Messaging Systems: An Overview over RabbitMQ, Kafka, ZeroMQ and Mosquitto - Part 1
When dealing with messaging systems there are a lot of options available from classical message brokers to simple libraries that handle the messaging logic without a central server. Almost all of them have some differences and each of them has a reason to exist. In this article I will compare a few popular ones and very different ones, namely the message broker RabbitMQ, the distributed streaming platform Kafka, the socket and concurrency library ZeroMQ and the lightweight MQTT broker Mosquitto. You will see that each of them has their own advantages and differences from the others and you should choose one according to your needs.
Messaging Patterns
When talking about messaging systems we first have to understand the typical messaging patterns available. In some cases, you want to send messages from one program (producer) to another program (consumer) and in other cases you might have multiple producers or multiple consumers or even multiple steps. Some of these patterns are so common that they have their own names.
Publish-Subscribe
Publish-Subscribe (also known as Pub-Sub) is a messaging pattern where you want to send messages from a set of publishers or producers to different subscribers or consumers. However, messages are not sent to the subscribers directly, but instead each message is published to a so-called topic and subscribers can subscribe to topics and retrieve only those messages.
Imagine a toy train system in which each component can send messages about its state. A train might be interested in messages from the traffic signals, crossings might be interested in the positions of trains and a dashboard for the owner of the toys might be interested in everything. This gives us a quite complex system with several publishers and subscribers (sometimes even both at the same time) which are interested in different messages.
The trains could send their position updates to a topic called
traffic/train/position
, while traffic signs could publish to
traffic/signal/state
. This would allow our crossing to listen to the
topic traffic/train/position
for approaching trains while the dashboard
would just subscribe to all topics with a wildcard.
Competing Consumers
The Competing Consumer pattern describes the situation when you want to use parallelized consumers to speed up the processing of your messages.
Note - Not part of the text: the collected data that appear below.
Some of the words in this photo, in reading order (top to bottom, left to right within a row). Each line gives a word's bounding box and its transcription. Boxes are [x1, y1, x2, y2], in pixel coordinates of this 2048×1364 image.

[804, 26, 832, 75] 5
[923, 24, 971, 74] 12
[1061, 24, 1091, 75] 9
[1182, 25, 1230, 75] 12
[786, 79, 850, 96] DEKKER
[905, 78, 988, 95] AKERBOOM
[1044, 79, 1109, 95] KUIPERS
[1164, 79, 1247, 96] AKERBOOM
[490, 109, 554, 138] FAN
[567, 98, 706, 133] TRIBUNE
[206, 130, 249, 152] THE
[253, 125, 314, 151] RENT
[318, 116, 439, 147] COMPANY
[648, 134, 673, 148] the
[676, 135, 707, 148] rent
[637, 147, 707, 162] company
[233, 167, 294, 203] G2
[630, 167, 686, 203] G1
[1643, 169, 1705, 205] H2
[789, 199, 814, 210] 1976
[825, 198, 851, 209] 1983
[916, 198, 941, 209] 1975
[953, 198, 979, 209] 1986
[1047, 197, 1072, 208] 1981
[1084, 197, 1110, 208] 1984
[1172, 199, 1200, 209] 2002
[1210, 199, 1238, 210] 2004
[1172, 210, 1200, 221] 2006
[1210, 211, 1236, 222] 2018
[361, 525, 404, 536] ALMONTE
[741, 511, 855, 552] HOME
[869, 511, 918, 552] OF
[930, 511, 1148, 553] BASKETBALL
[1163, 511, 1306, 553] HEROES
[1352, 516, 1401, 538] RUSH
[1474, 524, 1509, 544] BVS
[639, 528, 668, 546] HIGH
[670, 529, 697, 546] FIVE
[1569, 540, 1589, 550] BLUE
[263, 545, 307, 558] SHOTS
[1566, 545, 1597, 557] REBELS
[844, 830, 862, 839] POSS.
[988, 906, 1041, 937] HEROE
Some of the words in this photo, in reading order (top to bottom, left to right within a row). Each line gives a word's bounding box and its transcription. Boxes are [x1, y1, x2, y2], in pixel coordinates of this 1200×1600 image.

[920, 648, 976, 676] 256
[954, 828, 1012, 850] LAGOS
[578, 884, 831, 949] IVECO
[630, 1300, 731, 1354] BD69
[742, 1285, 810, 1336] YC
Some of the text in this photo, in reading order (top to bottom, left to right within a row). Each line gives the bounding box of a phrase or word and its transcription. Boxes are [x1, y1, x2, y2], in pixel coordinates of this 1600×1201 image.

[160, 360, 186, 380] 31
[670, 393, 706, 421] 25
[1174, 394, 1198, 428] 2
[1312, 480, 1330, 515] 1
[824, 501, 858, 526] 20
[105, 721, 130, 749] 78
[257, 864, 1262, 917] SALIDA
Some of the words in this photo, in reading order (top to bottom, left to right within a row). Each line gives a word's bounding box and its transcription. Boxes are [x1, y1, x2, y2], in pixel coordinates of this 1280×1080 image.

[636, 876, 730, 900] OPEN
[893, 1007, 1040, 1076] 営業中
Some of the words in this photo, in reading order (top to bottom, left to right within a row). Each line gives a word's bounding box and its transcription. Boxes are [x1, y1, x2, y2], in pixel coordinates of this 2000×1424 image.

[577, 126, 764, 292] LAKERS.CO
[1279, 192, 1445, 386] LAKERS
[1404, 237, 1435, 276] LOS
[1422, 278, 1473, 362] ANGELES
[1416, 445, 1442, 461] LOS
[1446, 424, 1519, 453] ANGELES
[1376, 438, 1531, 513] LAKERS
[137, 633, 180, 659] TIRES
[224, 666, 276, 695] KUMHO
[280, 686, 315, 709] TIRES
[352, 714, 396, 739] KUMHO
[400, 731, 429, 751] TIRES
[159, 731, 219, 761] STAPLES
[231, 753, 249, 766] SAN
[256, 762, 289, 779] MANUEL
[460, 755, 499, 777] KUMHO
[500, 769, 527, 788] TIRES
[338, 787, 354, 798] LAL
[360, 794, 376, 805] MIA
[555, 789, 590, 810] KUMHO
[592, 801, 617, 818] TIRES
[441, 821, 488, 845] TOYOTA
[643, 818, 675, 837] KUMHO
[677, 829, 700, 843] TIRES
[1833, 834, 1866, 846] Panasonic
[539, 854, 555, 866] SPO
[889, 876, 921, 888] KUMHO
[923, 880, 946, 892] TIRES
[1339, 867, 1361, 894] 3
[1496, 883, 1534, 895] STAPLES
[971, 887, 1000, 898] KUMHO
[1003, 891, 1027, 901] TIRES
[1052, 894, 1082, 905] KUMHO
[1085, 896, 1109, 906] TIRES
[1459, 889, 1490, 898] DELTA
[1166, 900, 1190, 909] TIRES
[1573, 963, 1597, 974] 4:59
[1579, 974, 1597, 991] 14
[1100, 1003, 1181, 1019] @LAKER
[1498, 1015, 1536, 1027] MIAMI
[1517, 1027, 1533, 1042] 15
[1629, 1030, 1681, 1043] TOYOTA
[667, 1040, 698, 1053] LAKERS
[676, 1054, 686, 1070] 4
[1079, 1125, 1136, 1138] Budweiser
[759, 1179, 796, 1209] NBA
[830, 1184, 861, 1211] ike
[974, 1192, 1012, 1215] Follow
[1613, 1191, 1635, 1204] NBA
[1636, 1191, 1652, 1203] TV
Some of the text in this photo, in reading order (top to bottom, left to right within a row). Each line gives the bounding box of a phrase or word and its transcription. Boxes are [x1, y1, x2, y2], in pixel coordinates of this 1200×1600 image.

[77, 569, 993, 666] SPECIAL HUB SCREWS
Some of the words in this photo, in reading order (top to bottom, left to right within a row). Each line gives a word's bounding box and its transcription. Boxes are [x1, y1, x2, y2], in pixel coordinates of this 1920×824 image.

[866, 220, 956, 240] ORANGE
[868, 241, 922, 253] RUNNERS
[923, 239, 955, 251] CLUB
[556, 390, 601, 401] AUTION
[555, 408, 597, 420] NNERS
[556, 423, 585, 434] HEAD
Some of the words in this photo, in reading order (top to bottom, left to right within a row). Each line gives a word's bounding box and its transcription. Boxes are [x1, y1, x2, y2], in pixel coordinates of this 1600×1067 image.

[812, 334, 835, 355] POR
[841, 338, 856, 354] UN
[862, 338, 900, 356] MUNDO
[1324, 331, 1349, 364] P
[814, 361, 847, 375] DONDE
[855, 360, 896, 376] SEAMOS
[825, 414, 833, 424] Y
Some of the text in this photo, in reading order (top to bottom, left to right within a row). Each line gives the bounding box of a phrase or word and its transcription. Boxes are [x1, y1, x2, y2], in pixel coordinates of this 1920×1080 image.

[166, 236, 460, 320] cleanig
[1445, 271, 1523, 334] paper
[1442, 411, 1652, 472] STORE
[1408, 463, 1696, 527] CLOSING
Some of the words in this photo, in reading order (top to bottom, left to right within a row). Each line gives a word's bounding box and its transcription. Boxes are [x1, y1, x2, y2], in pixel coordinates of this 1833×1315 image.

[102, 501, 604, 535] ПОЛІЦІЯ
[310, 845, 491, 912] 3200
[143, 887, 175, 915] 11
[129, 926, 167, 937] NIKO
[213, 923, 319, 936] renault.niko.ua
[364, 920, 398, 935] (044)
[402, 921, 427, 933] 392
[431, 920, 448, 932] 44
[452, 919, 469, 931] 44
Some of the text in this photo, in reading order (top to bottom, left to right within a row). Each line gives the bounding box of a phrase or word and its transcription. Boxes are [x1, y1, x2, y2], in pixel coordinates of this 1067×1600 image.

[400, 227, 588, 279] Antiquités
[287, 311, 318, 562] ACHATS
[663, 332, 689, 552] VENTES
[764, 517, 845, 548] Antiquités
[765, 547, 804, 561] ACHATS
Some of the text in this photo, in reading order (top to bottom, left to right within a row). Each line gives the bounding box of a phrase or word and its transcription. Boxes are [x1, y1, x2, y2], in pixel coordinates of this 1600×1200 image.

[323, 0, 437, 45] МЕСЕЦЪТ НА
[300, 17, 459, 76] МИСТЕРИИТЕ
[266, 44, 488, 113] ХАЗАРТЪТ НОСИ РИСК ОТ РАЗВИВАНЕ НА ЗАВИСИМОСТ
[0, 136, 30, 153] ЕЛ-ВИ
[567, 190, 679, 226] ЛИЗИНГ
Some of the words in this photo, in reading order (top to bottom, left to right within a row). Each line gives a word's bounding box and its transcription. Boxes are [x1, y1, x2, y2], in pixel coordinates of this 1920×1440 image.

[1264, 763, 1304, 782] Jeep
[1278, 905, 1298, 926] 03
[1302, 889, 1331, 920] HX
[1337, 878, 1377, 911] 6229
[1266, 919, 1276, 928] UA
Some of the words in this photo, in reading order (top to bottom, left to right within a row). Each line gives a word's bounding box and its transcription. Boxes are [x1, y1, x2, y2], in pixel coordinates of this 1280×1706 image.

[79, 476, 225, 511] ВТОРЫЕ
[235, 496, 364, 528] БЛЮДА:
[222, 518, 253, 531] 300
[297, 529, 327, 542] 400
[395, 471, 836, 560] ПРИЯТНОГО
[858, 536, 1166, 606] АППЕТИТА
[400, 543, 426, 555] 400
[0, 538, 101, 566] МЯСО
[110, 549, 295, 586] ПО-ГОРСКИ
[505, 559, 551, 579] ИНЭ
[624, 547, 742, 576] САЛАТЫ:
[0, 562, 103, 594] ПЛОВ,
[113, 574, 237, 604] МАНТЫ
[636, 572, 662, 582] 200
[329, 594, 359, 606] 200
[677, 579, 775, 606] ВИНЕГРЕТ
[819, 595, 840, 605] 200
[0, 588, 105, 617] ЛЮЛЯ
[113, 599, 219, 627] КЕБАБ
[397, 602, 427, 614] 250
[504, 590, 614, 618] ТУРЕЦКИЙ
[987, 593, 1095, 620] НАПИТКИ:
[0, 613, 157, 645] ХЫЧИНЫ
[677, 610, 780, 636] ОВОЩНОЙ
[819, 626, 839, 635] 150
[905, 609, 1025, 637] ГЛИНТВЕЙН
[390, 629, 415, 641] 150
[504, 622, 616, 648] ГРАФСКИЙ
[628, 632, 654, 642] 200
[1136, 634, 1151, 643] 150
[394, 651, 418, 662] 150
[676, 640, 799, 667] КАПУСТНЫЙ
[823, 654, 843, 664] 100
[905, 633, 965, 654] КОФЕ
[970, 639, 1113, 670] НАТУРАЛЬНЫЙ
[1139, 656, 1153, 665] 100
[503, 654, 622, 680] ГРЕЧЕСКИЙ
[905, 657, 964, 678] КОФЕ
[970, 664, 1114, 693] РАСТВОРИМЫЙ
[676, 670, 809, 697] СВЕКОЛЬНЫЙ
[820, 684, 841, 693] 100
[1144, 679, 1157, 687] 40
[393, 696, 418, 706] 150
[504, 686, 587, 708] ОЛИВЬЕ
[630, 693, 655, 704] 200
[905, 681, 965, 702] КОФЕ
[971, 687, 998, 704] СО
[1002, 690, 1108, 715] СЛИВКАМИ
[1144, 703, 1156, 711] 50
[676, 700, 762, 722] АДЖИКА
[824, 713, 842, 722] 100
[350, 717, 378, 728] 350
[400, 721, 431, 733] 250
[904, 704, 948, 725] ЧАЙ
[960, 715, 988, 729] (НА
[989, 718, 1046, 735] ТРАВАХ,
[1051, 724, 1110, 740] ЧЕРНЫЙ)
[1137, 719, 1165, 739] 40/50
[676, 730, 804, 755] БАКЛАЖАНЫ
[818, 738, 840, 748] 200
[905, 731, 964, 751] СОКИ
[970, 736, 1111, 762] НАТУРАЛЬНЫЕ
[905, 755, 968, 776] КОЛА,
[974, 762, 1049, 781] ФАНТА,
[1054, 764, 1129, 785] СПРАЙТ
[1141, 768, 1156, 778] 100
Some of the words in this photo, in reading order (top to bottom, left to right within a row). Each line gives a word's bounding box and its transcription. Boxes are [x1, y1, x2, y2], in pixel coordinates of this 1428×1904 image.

In this situation you have one or multiple producers and a set of consumers, which are ready to read messages from this consumer. All of the consumers do the same job and could be mutually exchanged. When a consumer receives a message the message will be deleted (or set to an in-flight state, which could be reverted if the consumer fails) and the other consumers won’t see it anymore. The next available consumer will get the next message and so on.
An example for this pattern could be the re-encoding of videos on a video platform. Once a user uploads a video to the platform, requests for encoding of the video in all required web formats will be sent to the message queue. Since video encoding is a slow operation and videos get uploaded very often, there will be a set of workers available to process the videos. Each worker will pull the next message from the queue and once the video has been converted, the task is finished. The message gets deleted from the queue to ensure that the other workers won’t encode the same video again.
Messaging Systems
Knowing some of the different messaging patterns, let’s have a look at some of the existing messaging systems.
Mosquitto
Mosquitto is a lightweight MQTT broker supporting the publish-subscribe pattern. It does not support competing consumers or other protocols apart from MQTT. Mosquitto is available in the software repository of most Linux distributions and there also is a Windows installer available.
If there is no pre-built package available or you do not want to use them,
you can also install it from source code. On my computer it compiled in a few
seconds without problems. This shows how simple this program really is. You
have to make sure that you have the ares.h
available on your system.
Depending on your distribution this is included in a package called
c-ares
(Arch) or libc-ares-dev
(Debian based).
If you installed mosquitto from your package manager, you should be able to
start it with your standard daemon manager (systemd, SysVinit). Otherwise,
it’s as simple as calling mosquitto
to start the server and it will greet
you with
1509264671: mosquitto version 1.4.14 (build date 2017-10-29 08:06:39+0000) starting
1509264671: Using default config.
1509264671: Opening ipv4 listen socket on port 1883.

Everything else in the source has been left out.